====== Supplied entries

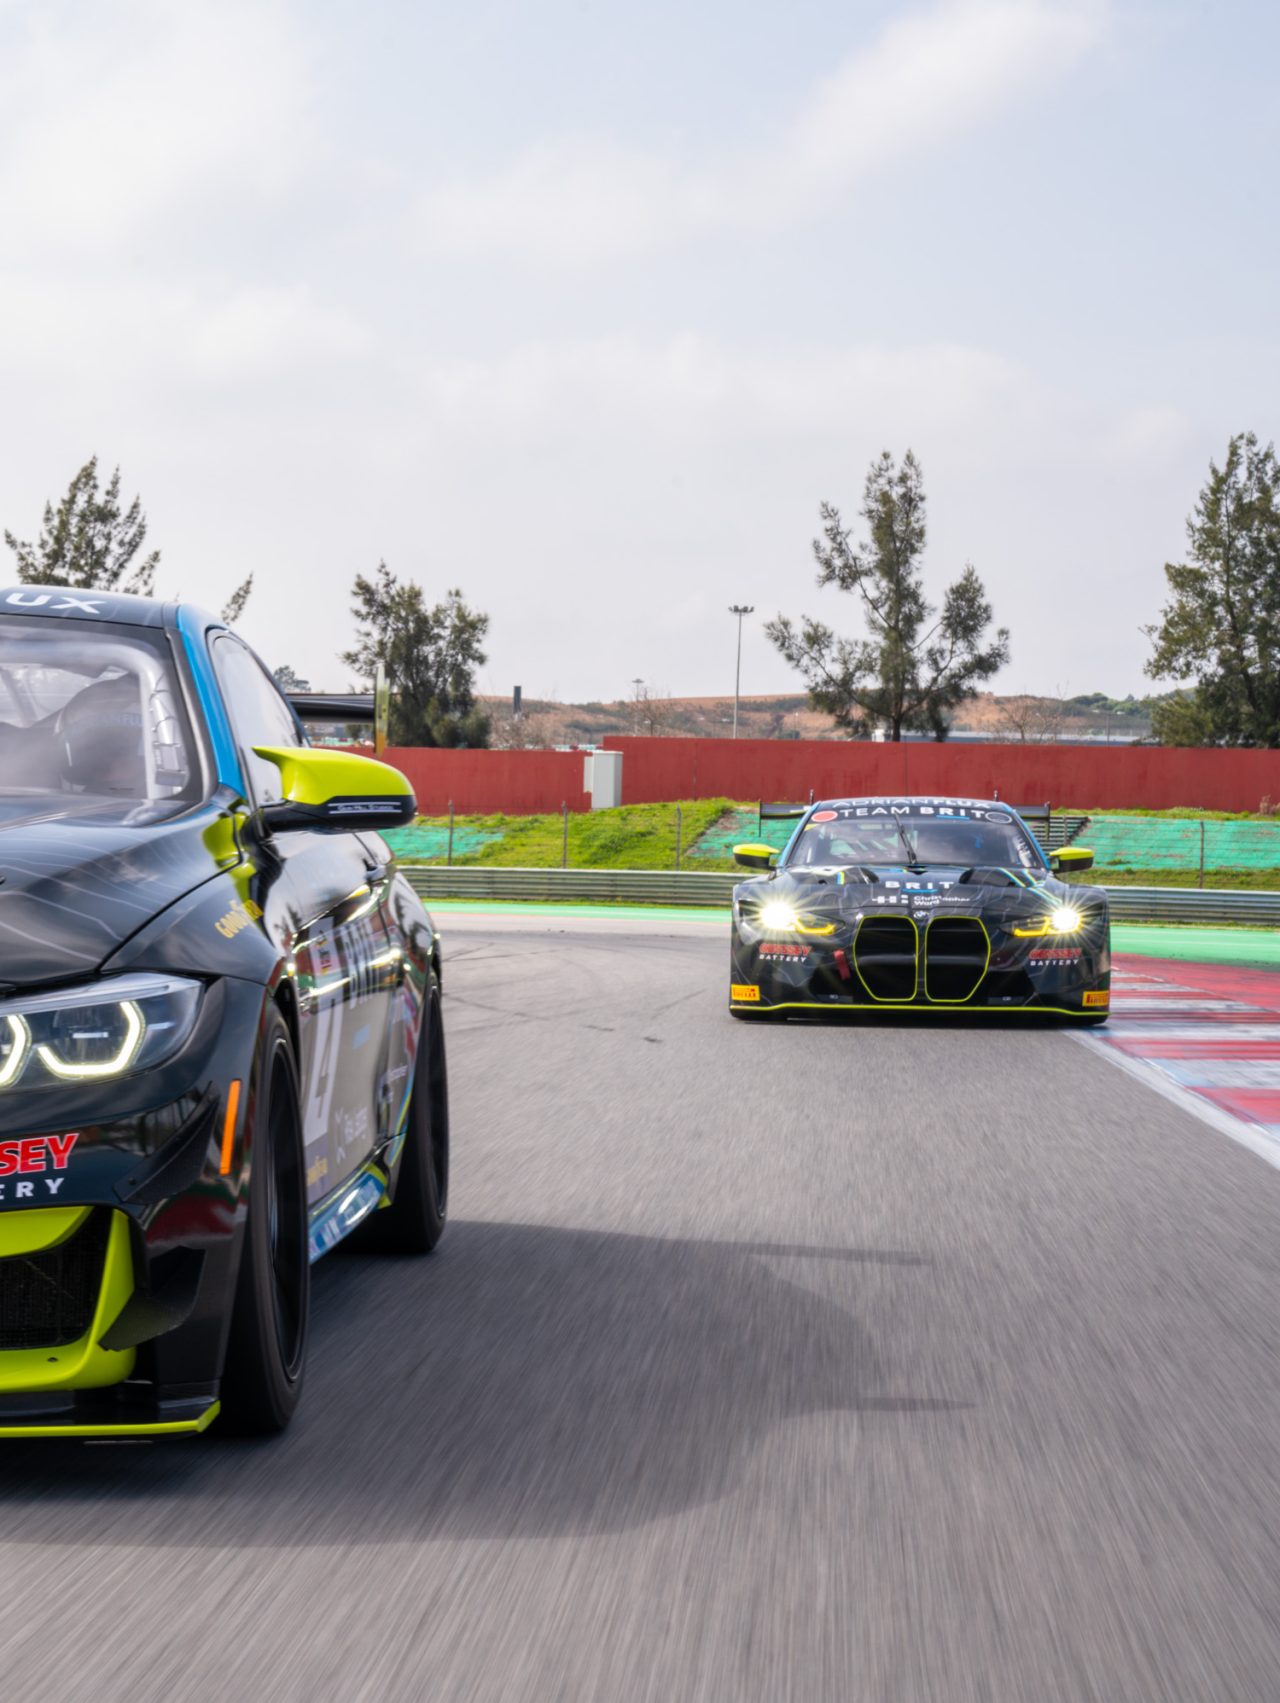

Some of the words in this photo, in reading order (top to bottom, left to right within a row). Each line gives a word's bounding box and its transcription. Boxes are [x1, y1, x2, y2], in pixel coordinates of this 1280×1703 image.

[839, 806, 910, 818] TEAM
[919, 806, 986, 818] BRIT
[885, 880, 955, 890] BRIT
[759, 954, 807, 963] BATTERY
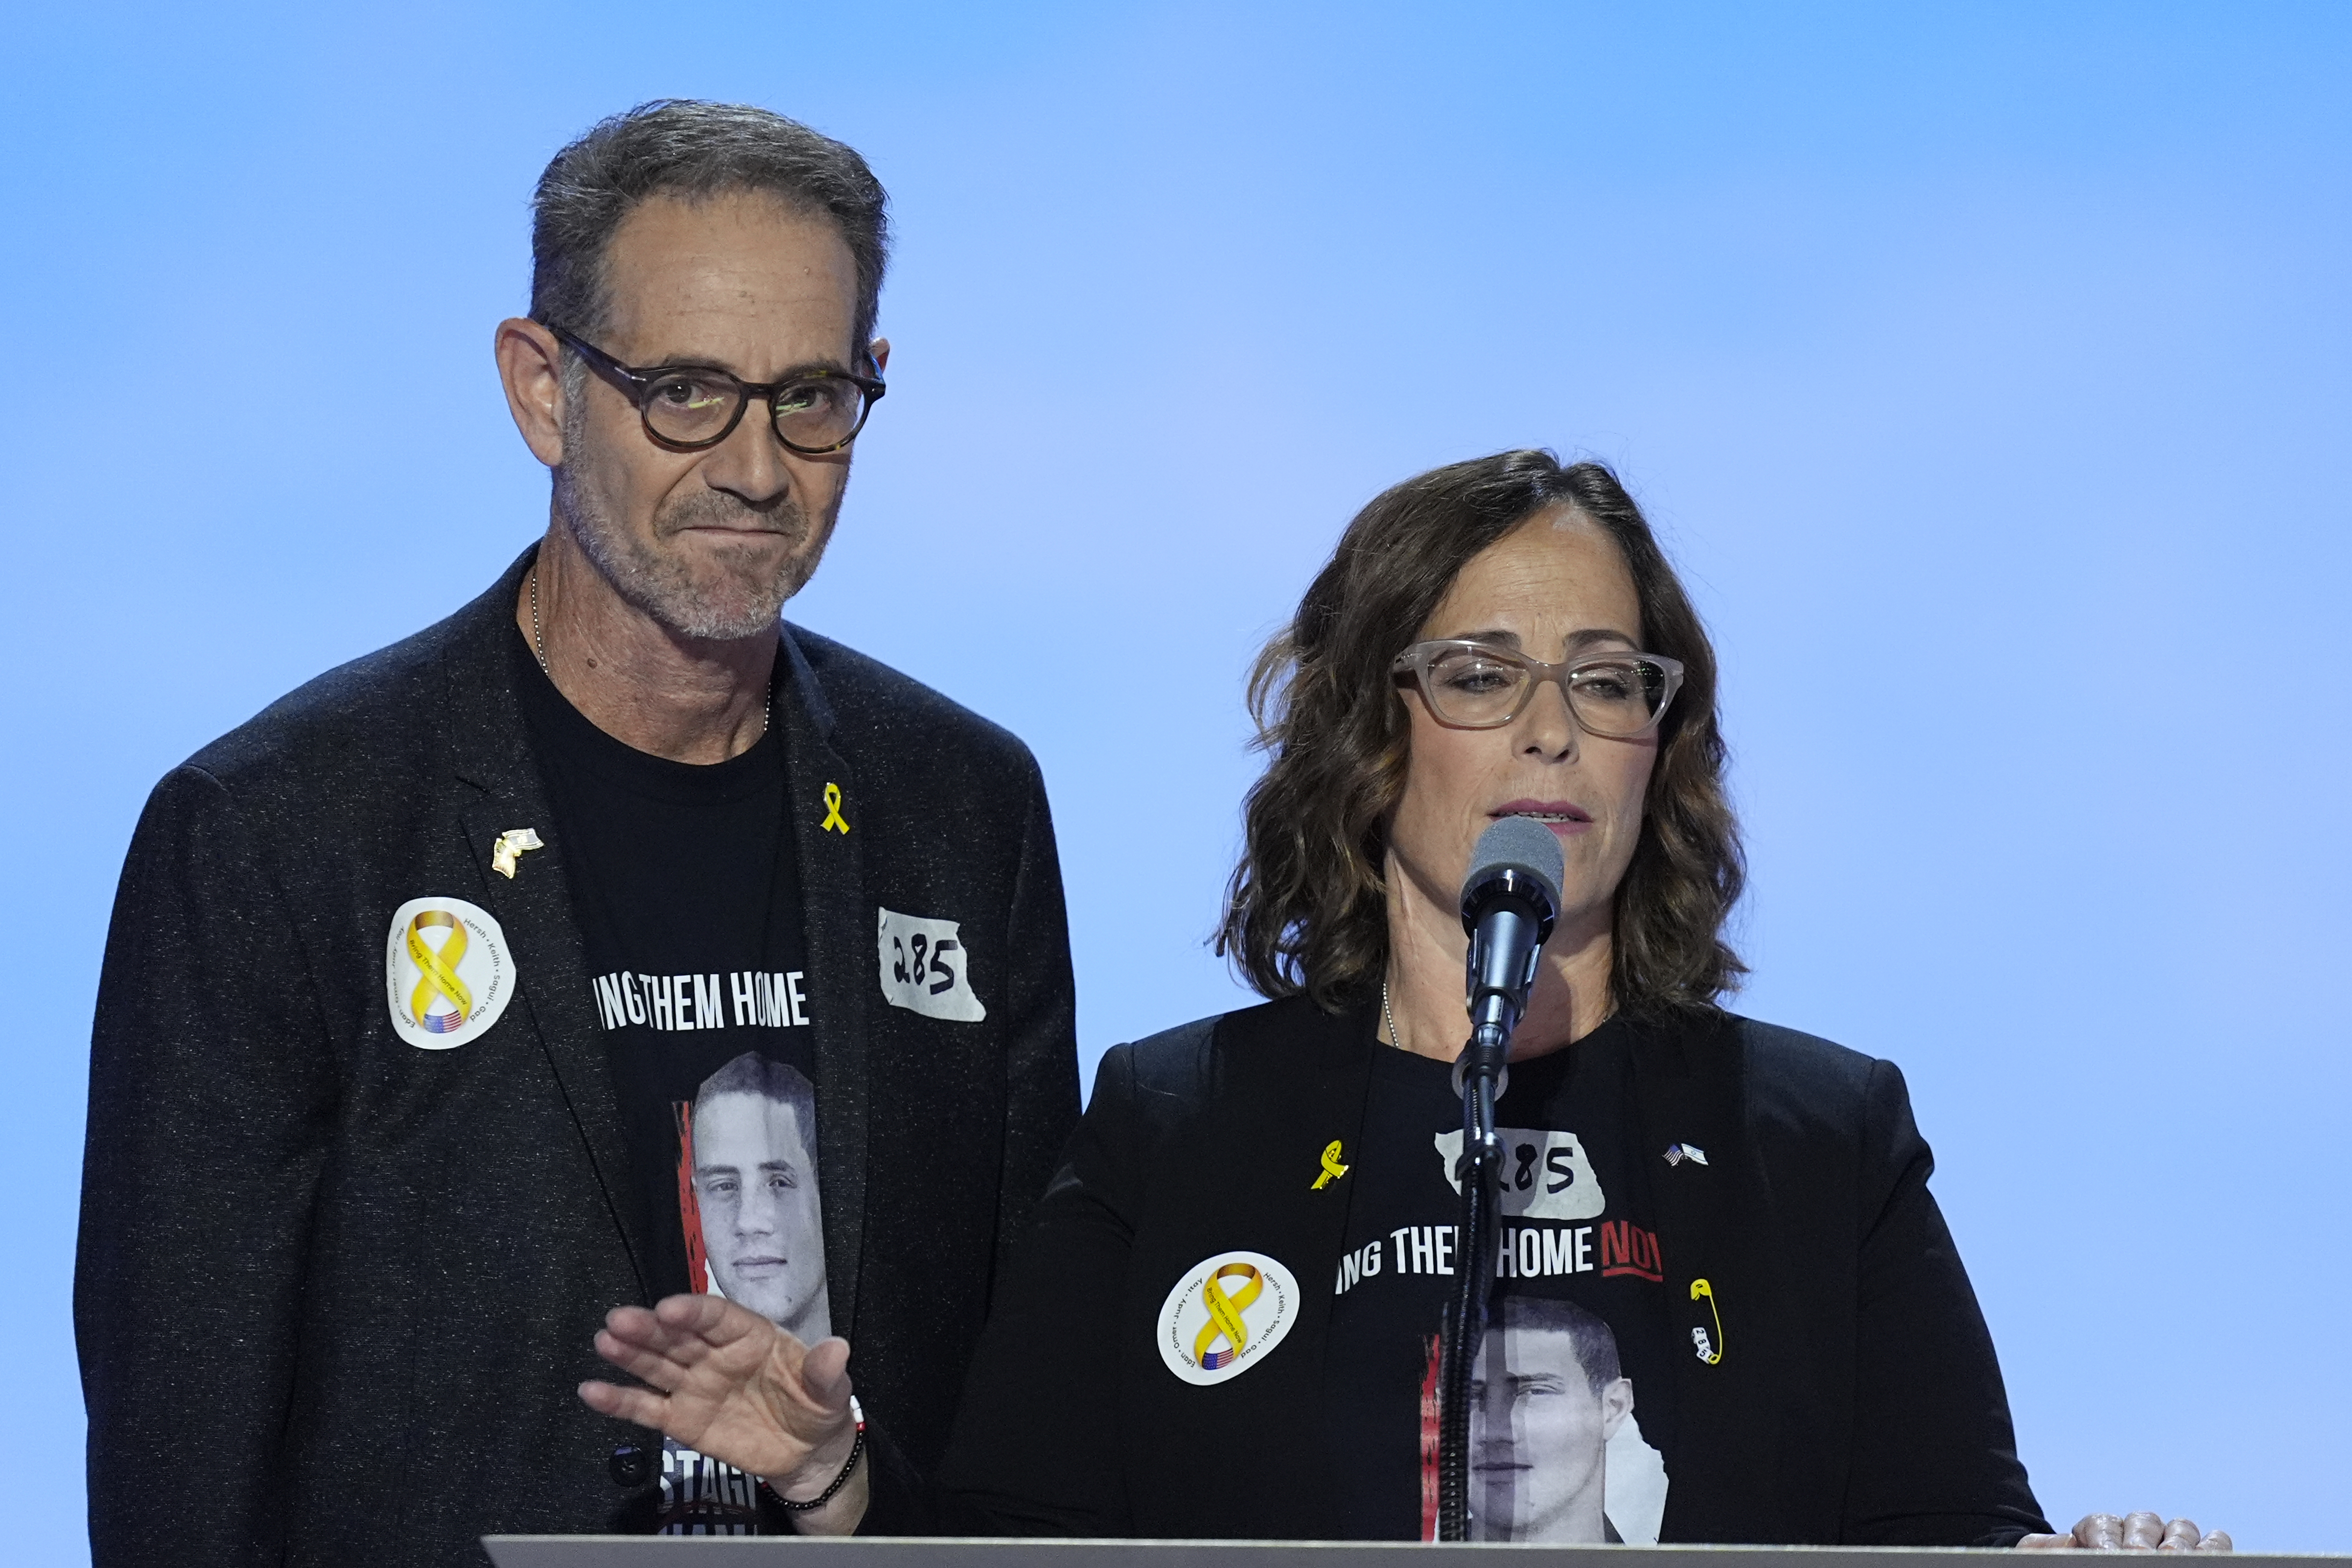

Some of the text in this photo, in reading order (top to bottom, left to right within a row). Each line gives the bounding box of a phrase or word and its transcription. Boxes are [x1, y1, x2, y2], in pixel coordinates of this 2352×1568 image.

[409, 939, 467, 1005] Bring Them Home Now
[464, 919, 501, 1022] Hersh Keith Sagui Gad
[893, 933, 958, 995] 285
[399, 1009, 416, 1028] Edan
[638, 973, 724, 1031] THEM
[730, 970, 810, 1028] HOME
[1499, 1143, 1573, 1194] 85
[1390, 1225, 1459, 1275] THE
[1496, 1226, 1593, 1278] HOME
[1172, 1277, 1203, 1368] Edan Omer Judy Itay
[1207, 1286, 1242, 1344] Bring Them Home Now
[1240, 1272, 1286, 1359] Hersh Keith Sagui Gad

============

The material above holds pictures; copy everything else in it exactly.

Some of the words in this photo, in reading order (top to bottom, left to right within a row). Each line gives a word's bounding box and its transcription. Boxes are [x1, y1, x2, y2], in pixel coordinates of this 1280×1703 image.

[839, 806, 910, 818] TEAM
[919, 806, 986, 818] BRIT
[885, 880, 955, 890] BRIT
[759, 954, 807, 963] BATTERY

Some of the text in this photo, in reading order (top to bottom, left to right within a row). Each line gives the bounding box of a phrase or word and its transcription. Boxes are [x1, y1, x2, y2], in pixel coordinates of this 2352×1568 image.

[409, 939, 467, 1005] Bring Them Home Now
[464, 919, 501, 1022] Hersh Keith Sagui Gad
[893, 933, 958, 995] 285
[399, 1009, 416, 1028] Edan
[638, 973, 724, 1031] THEM
[730, 970, 810, 1028] HOME
[1499, 1143, 1573, 1194] 85
[1390, 1225, 1459, 1275] THE
[1496, 1226, 1593, 1278] HOME
[1172, 1277, 1203, 1368] Edan Omer Judy Itay
[1207, 1286, 1242, 1344] Bring Them Home Now
[1240, 1272, 1286, 1359] Hersh Keith Sagui Gad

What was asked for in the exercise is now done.